While the biodiversity the scientists discovered is astounding, the real focus of the new study was to identify and characterize the rariphotic zone, where these reef fish live. This strange zone exists just below a previously defined reef zone called the mesophotic, which extends from 40 to 150 meters below the surface. They scientists hypothesize that it could be a “coral reef twilight zone” — a refuge where shallow-water organisms can seek relief from warming surface waters and deteriorating coral reefs — but its exact purpose is still unclear.

“Reef ecosystems just below the mesophotic are globally under-explored, and the conventional view based on the few studies that mention them was that mesophotic ecosystems transition directly into those of the deep sea,” explained lead author and curator of fishes at the Smithsonian’s National Museum of Natural History Carole Baldwin, Ph.D., in the statement. “Our study reveals a previously unrecognized zone comprising reef vs. deep-sea fishes that links mesophotic and deep-sea ecosystems.”

coral systems, fish
Classification of faunal zones based on analysis of fish living in Curaçao.

With a team of scuba divers and a manned submersible called Curasub, the scientists discovered the rariphotic while exploring an extremely small section of water — just 0.08 square miles of reef. What they found during their 309-meter dive was an underwater world unlike any zone anyone had ever seen: an assemblage of 4,500 reef fish that were closely related and looked similar to reef fish that live in more shallow regions, rather than other deep-ocean fishes. Finding reef fishes that live well below shallow coral reefs suggested they had stumbled on something entirely new.

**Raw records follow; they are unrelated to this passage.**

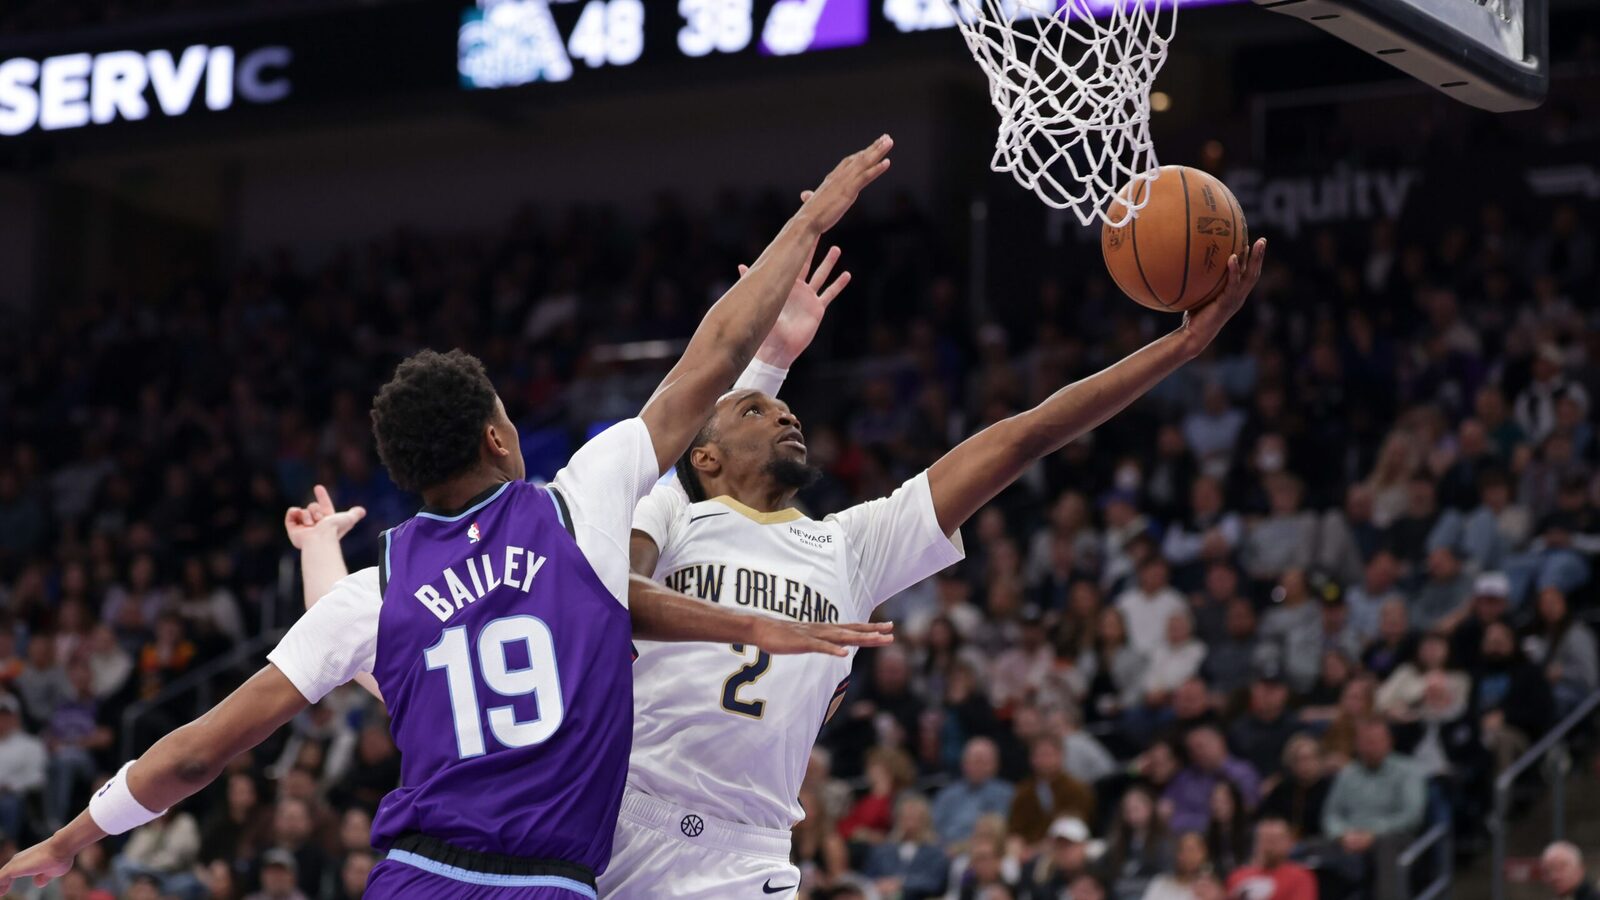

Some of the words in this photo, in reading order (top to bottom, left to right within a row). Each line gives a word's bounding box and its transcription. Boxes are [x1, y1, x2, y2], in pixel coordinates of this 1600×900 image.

[567, 0, 645, 67] 48
[677, 0, 752, 56] 38
[789, 525, 833, 543] NEWAGE
[799, 538, 823, 549] GRILLS
[413, 545, 548, 623] BAILEY
[424, 614, 565, 759] 19
[720, 643, 772, 720] 2

The manned submersible’s robot arm, which allowed it to safely collect sea creatures and bring them to the surface for study, was key in proving that some of the fish had never been seen before. DNA analysis of the creatures identified species that were new, while genome-level analysis revealed whether the new fish followed the evolutionary patterns of shallow or deep-reef fish.

With this new knowledge, the scientists will continue to monitor the biological and environmental conditions of the deep reefs within the rariphotic. The greatest global threat to coral reef ecosystems in general is climate change, and since we know so little about the rariphotic, it remains to be seen whether living there will help the fish survive the Earth’s increasingly warming waters.